__ASSIGNMENT__
Output the listing verbatim, leaving out every picture.
────────────────
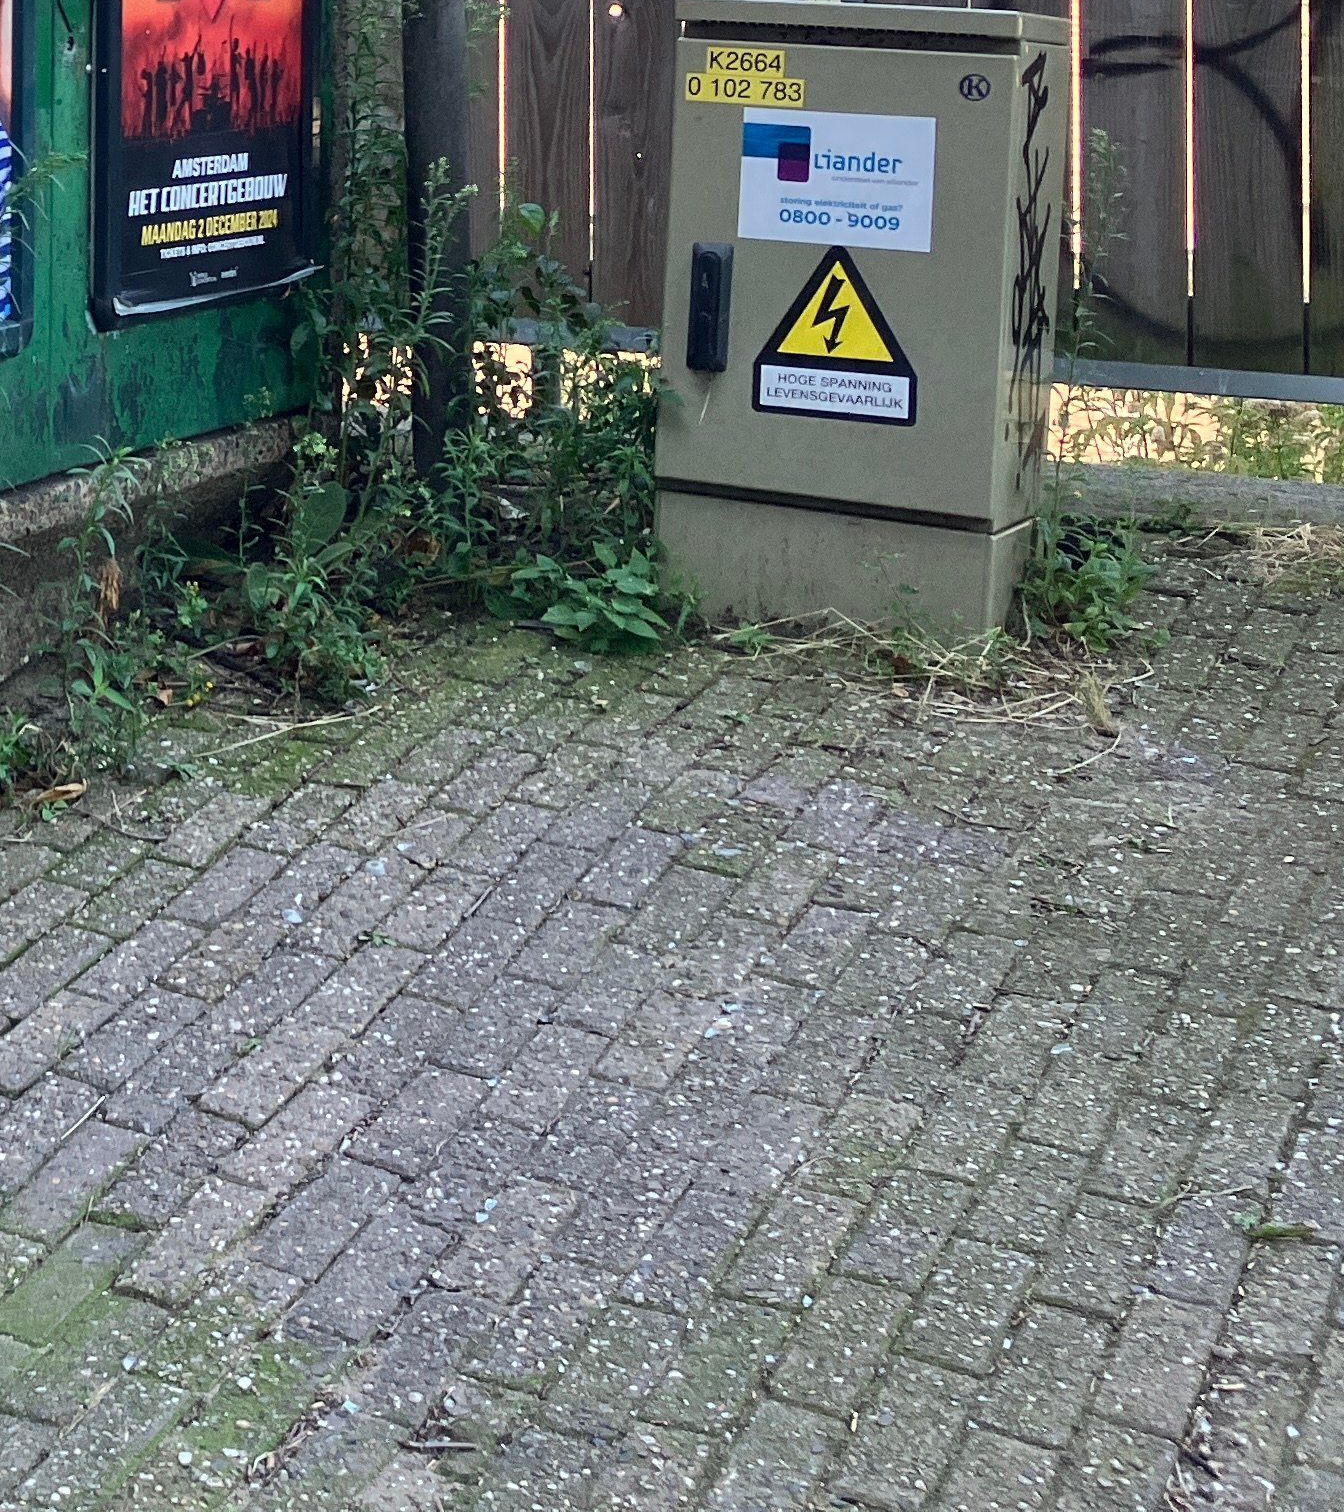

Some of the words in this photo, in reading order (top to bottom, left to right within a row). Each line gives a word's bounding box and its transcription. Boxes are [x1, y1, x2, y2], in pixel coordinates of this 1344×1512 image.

[710, 51, 782, 72] K2664
[688, 76, 701, 96] 0
[711, 78, 751, 99] 102
[760, 80, 802, 102] 783
[172, 152, 249, 179] AMSTERDAM
[128, 188, 160, 217] HET
[161, 173, 288, 212] CONCERTGEBOUW
[780, 197, 812, 207] storing
[869, 202, 879, 210] of
[881, 204, 904, 213] gas?
[141, 218, 197, 246] MAANDAG
[197, 218, 205, 238] 2
[205, 211, 257, 237] DECEMBER
[779, 208, 831, 226] 0800
[847, 212, 900, 230] 9009
[777, 373, 817, 386] HOGE
[820, 376, 892, 393] SPANNING
[766, 387, 904, 410] LEVENSGEVAARLIJK
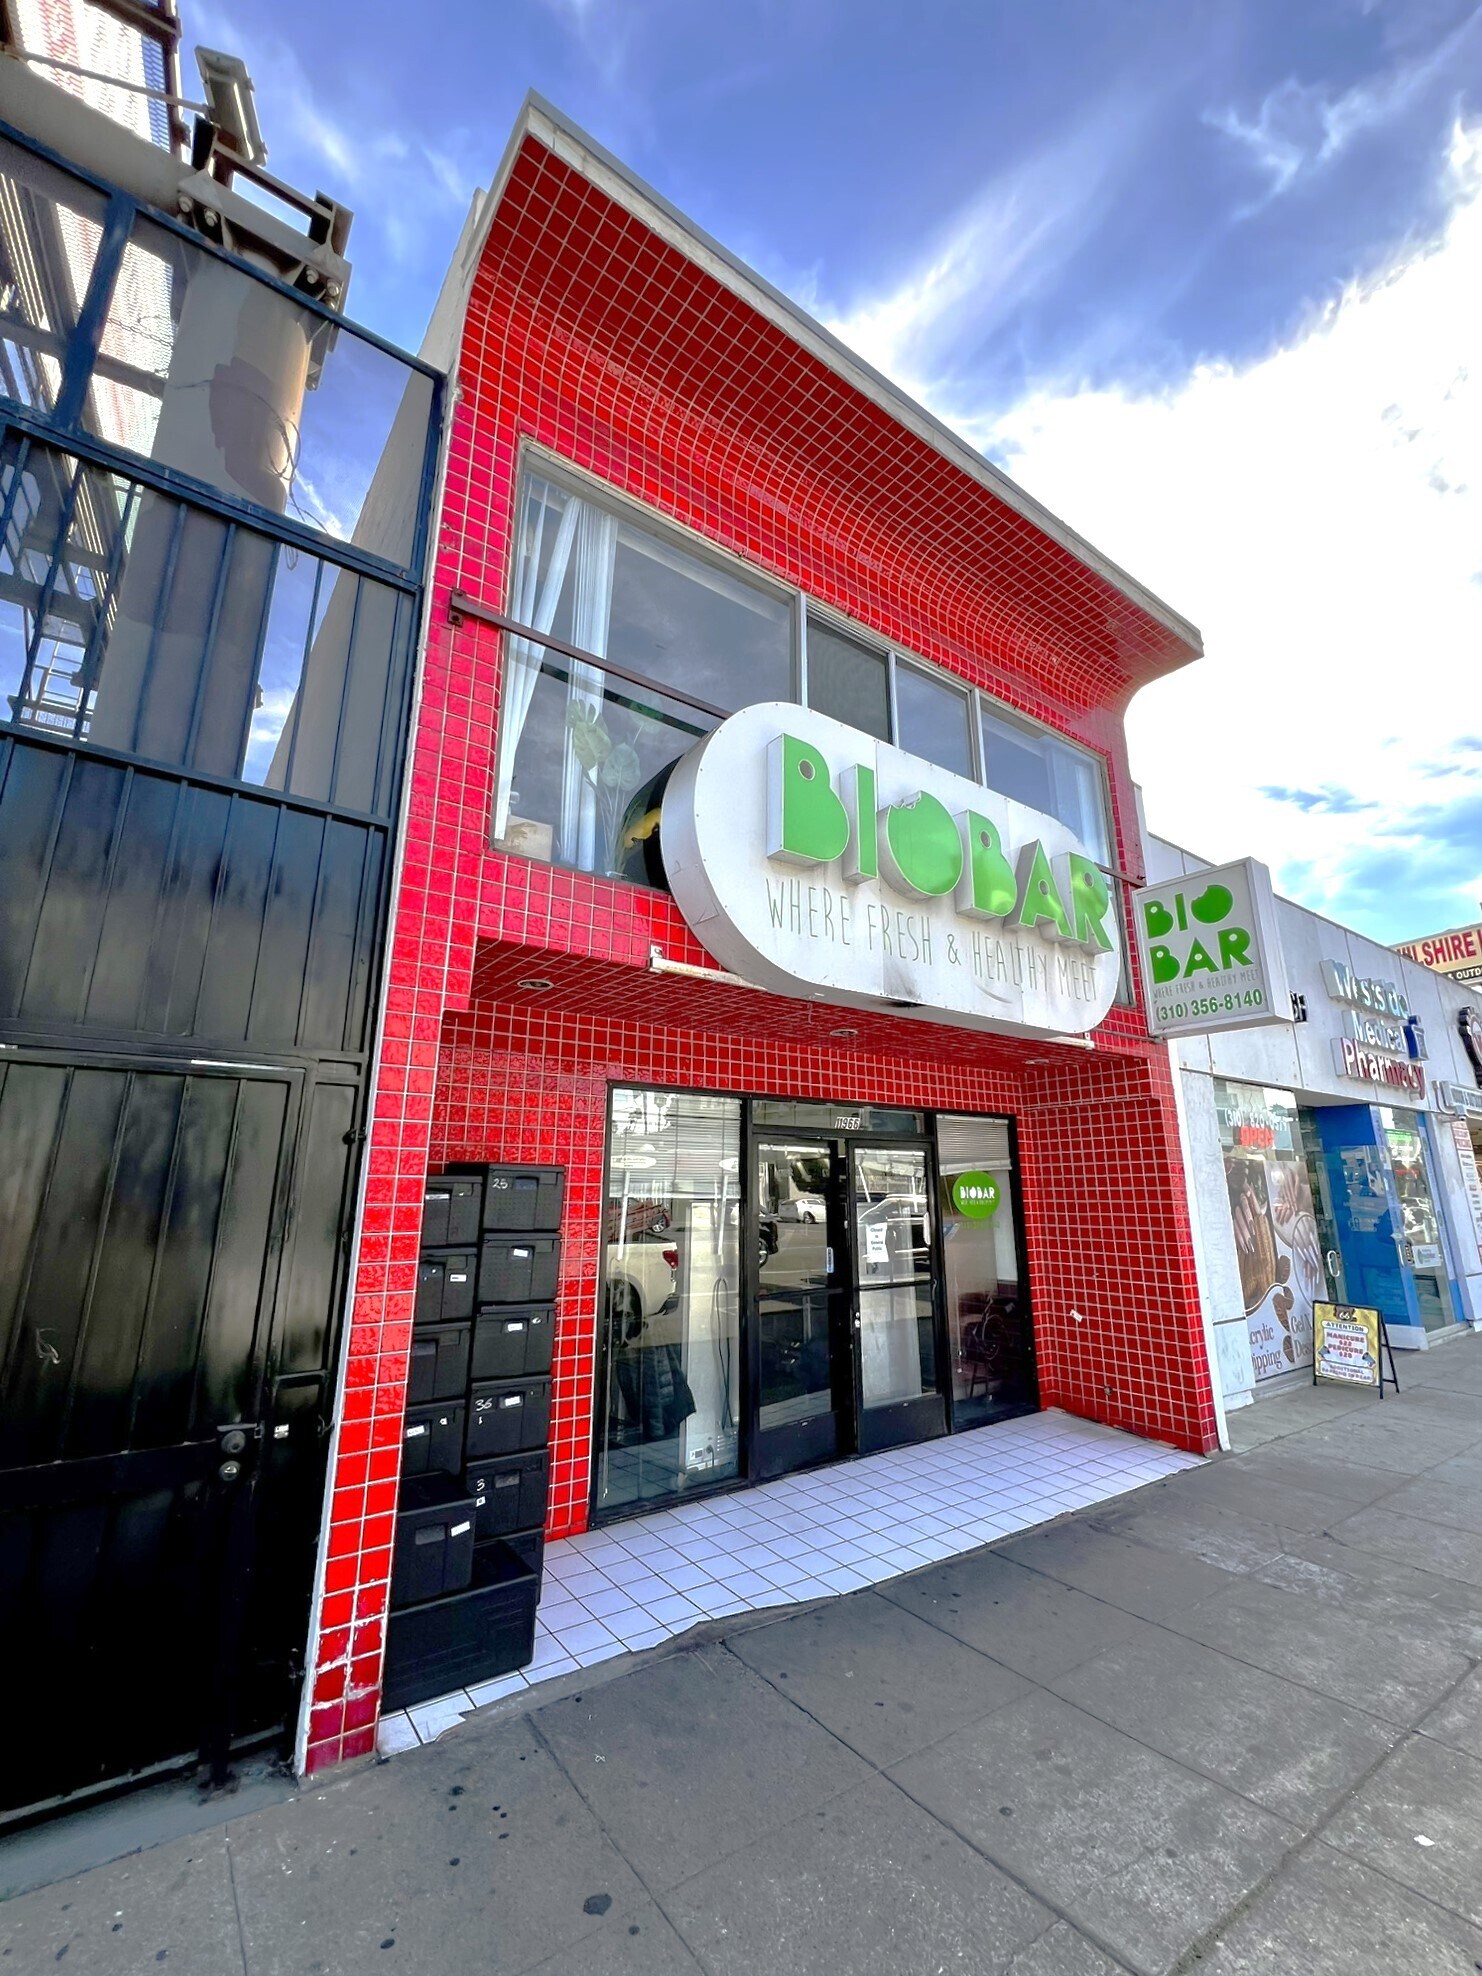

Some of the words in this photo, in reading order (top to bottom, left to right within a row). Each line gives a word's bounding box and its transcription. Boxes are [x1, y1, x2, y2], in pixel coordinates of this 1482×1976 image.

[767, 733, 1114, 954] BIOBAR
[1143, 884, 1234, 939] BIO
[766, 878, 851, 946] WHERE
[867, 904, 932, 966] FRESH
[947, 933, 962, 966] &
[972, 931, 1048, 992] HEALTHY
[1057, 956, 1097, 1002] MEET
[1149, 927, 1255, 984] BAR
[1153, 986, 1173, 999] WHERE
[1240, 968, 1260, 982] MEET
[1456, 966, 1482, 979] OUTD
[1156, 1002, 1189, 1022] (310)
[1191, 988, 1263, 1017] 356-8140
[1351, 1010, 1407, 1052] Medical
[1341, 1037, 1425, 1100] Pharmacy
[835, 1117, 860, 1129] 11966
[1225, 1108, 1245, 1128] (310)
[1240, 1126, 1274, 1149] OPEN
[959, 1186, 995, 1199] BIOBAR
[1249, 1323, 1275, 1349] crylic
[1326, 1321, 1364, 1332] ATTENTION
[1326, 1332, 1365, 1343] MANICURE
[1327, 1343, 1364, 1354] PEDICURE
[1251, 1349, 1282, 1375] ipping
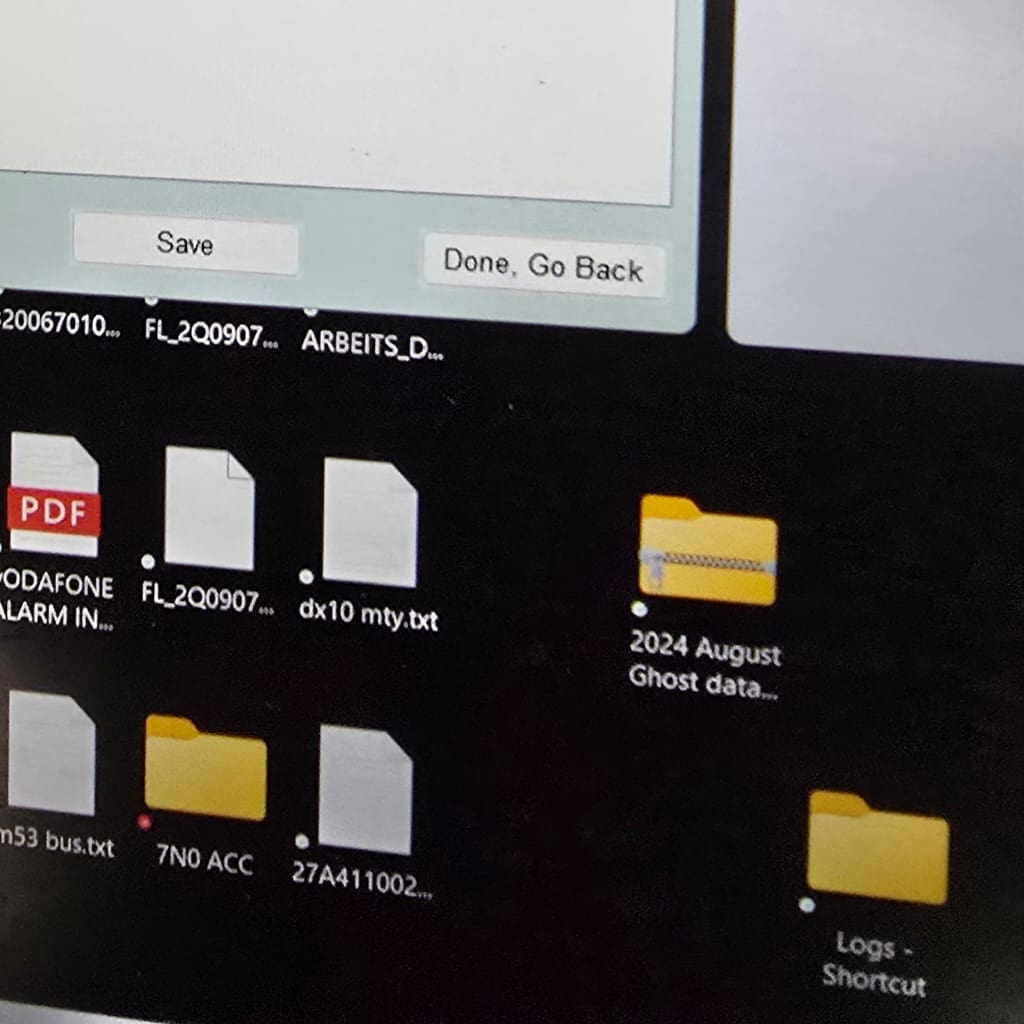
────────────────
__RESPONSE TO THIS EXERCISE__
Some of the words in this photo, in reading order (top to bottom, left to right within a row). Each line gives a word's bounding box and its transcription. Boxes are [x1, y1, x2, y2], in pixel coordinates of this 1344×1512 image.

[710, 51, 782, 72] K2664
[688, 76, 701, 96] 0
[711, 78, 751, 99] 102
[760, 80, 802, 102] 783
[172, 152, 249, 179] AMSTERDAM
[128, 188, 160, 217] HET
[161, 173, 288, 212] CONCERTGEBOUW
[780, 197, 812, 207] storing
[869, 202, 879, 210] of
[881, 204, 904, 213] gas?
[141, 218, 197, 246] MAANDAG
[197, 218, 205, 238] 2
[205, 211, 257, 237] DECEMBER
[779, 208, 831, 226] 0800
[847, 212, 900, 230] 9009
[777, 373, 817, 386] HOGE
[820, 376, 892, 393] SPANNING
[766, 387, 904, 410] LEVENSGEVAARLIJK

Some of the words in this photo, in reading order (top to bottom, left to right within a row). Each line gives a word's bounding box and its transcription. Boxes are [x1, y1, x2, y2], in pixel coordinates of this 1482×1976 image.

[767, 733, 1114, 954] BIOBAR
[1143, 884, 1234, 939] BIO
[766, 878, 851, 946] WHERE
[867, 904, 932, 966] FRESH
[947, 933, 962, 966] &
[972, 931, 1048, 992] HEALTHY
[1057, 956, 1097, 1002] MEET
[1149, 927, 1255, 984] BAR
[1153, 986, 1173, 999] WHERE
[1240, 968, 1260, 982] MEET
[1456, 966, 1482, 979] OUTD
[1156, 1002, 1189, 1022] (310)
[1191, 988, 1263, 1017] 356-8140
[1351, 1010, 1407, 1052] Medical
[1341, 1037, 1425, 1100] Pharmacy
[835, 1117, 860, 1129] 11966
[1225, 1108, 1245, 1128] (310)
[1240, 1126, 1274, 1149] OPEN
[959, 1186, 995, 1199] BIOBAR
[1249, 1323, 1275, 1349] crylic
[1326, 1321, 1364, 1332] ATTENTION
[1326, 1332, 1365, 1343] MANICURE
[1327, 1343, 1364, 1354] PEDICURE
[1251, 1349, 1282, 1375] ipping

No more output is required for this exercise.